*** Opening Input ***

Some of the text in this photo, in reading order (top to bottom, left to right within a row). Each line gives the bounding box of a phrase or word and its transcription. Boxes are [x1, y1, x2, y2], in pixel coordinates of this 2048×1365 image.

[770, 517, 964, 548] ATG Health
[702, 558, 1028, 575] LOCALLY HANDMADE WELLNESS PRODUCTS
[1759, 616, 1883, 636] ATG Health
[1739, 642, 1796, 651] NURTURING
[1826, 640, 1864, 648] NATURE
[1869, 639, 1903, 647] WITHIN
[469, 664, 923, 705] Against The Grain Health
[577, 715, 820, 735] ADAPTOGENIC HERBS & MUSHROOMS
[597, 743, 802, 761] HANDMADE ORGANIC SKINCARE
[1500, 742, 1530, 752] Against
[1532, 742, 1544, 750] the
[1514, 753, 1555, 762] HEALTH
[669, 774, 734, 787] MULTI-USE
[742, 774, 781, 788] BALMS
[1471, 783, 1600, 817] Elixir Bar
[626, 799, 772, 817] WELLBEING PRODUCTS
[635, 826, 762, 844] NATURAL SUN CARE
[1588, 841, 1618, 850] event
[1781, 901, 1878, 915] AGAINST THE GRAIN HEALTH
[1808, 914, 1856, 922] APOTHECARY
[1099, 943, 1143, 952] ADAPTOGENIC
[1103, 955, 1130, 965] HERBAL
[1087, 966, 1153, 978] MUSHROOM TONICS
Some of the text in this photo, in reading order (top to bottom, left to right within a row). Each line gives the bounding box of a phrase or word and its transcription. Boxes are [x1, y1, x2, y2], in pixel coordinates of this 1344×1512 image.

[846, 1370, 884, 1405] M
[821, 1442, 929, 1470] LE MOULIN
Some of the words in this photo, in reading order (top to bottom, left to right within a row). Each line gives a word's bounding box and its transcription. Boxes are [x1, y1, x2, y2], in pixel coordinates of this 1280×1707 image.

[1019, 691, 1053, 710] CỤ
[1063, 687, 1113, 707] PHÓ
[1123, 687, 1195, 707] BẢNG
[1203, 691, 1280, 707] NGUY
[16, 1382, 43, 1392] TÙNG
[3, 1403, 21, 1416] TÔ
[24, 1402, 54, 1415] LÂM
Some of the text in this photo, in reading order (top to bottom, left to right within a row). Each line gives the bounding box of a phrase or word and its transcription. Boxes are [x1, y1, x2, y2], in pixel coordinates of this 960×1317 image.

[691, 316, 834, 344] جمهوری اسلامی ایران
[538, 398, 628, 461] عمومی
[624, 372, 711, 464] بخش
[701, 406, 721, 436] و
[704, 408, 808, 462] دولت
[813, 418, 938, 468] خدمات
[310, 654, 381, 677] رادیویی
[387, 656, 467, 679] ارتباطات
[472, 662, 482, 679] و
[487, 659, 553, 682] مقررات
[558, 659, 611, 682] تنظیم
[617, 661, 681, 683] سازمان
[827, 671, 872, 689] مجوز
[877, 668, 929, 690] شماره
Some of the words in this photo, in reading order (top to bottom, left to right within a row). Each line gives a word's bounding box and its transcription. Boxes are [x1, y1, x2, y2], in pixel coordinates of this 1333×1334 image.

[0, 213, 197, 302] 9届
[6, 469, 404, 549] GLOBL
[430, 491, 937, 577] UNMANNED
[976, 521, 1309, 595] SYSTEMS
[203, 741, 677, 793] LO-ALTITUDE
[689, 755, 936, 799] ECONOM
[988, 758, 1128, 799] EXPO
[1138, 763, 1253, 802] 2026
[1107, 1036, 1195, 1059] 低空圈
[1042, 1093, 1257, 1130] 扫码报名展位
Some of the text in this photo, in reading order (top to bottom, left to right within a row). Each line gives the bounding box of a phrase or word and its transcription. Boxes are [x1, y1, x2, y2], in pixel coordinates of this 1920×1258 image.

*** Closing Input ***

Description of the task — Your task is to give back every record exactly.

Output below —
Some of the text in this photo, in reading order (top to bottom, left to right within a row). Each line gives the bounding box of a phrase or word and its transcription. Boxes are [x1, y1, x2, y2], in pixel coordinates of this 2048×1365 image.

[770, 517, 964, 548] ATG Health
[702, 558, 1028, 575] LOCALLY HANDMADE WELLNESS PRODUCTS
[1759, 616, 1883, 636] ATG Health
[1739, 642, 1796, 651] NURTURING
[1826, 640, 1864, 648] NATURE
[1869, 639, 1903, 647] WITHIN
[469, 664, 923, 705] Against The Grain Health
[577, 715, 820, 735] ADAPTOGENIC HERBS & MUSHROOMS
[597, 743, 802, 761] HANDMADE ORGANIC SKINCARE
[1500, 742, 1530, 752] Against
[1532, 742, 1544, 750] the
[1514, 753, 1555, 762] HEALTH
[669, 774, 734, 787] MULTI-USE
[742, 774, 781, 788] BALMS
[1471, 783, 1600, 817] Elixir Bar
[626, 799, 772, 817] WELLBEING PRODUCTS
[635, 826, 762, 844] NATURAL SUN CARE
[1588, 841, 1618, 850] event
[1781, 901, 1878, 915] AGAINST THE GRAIN HEALTH
[1808, 914, 1856, 922] APOTHECARY
[1099, 943, 1143, 952] ADAPTOGENIC
[1103, 955, 1130, 965] HERBAL
[1087, 966, 1153, 978] MUSHROOM TONICS
Some of the text in this photo, in reading order (top to bottom, left to right within a row). Each line gives the bounding box of a phrase or word and its transcription. Boxes are [x1, y1, x2, y2], in pixel coordinates of this 1344×1512 image.

[846, 1370, 884, 1405] M
[821, 1442, 929, 1470] LE MOULIN
Some of the words in this photo, in reading order (top to bottom, left to right within a row). Each line gives a word's bounding box and its transcription. Boxes are [x1, y1, x2, y2], in pixel coordinates of this 1280×1707 image.

[1019, 691, 1053, 710] CỤ
[1063, 687, 1113, 707] PHÓ
[1123, 687, 1195, 707] BẢNG
[1203, 691, 1280, 707] NGUY
[16, 1382, 43, 1392] TÙNG
[3, 1403, 21, 1416] TÔ
[24, 1402, 54, 1415] LÂM
Some of the text in this photo, in reading order (top to bottom, left to right within a row). Each line gives the bounding box of a phrase or word and its transcription. Boxes are [x1, y1, x2, y2], in pixel coordinates of this 960×1317 image.

[691, 316, 834, 344] جمهوری اسلامی ایران
[538, 398, 628, 461] عمومی
[624, 372, 711, 464] بخش
[701, 406, 721, 436] و
[704, 408, 808, 462] دولت
[813, 418, 938, 468] خدمات
[310, 654, 381, 677] رادیویی
[387, 656, 467, 679] ارتباطات
[472, 662, 482, 679] و
[487, 659, 553, 682] مقررات
[558, 659, 611, 682] تنظیم
[617, 661, 681, 683] سازمان
[827, 671, 872, 689] مجوز
[877, 668, 929, 690] شماره
Some of the words in this photo, in reading order (top to bottom, left to right within a row). Each line gives a word's bounding box and its transcription. Boxes are [x1, y1, x2, y2], in pixel coordinates of this 1333×1334 image.

[0, 213, 197, 302] 9届
[6, 469, 404, 549] GLOBL
[430, 491, 937, 577] UNMANNED
[976, 521, 1309, 595] SYSTEMS
[203, 741, 677, 793] LO-ALTITUDE
[689, 755, 936, 799] ECONOM
[988, 758, 1128, 799] EXPO
[1138, 763, 1253, 802] 2026
[1107, 1036, 1195, 1059] 低空圈
[1042, 1093, 1257, 1130] 扫码报名展位
Some of the text in this photo, in reading order (top to bottom, left to right within a row). Each line gives the bounding box of a phrase or word and its transcription. Boxes are [x1, y1, x2, y2], in pixel coordinates of this 1920×1258 image.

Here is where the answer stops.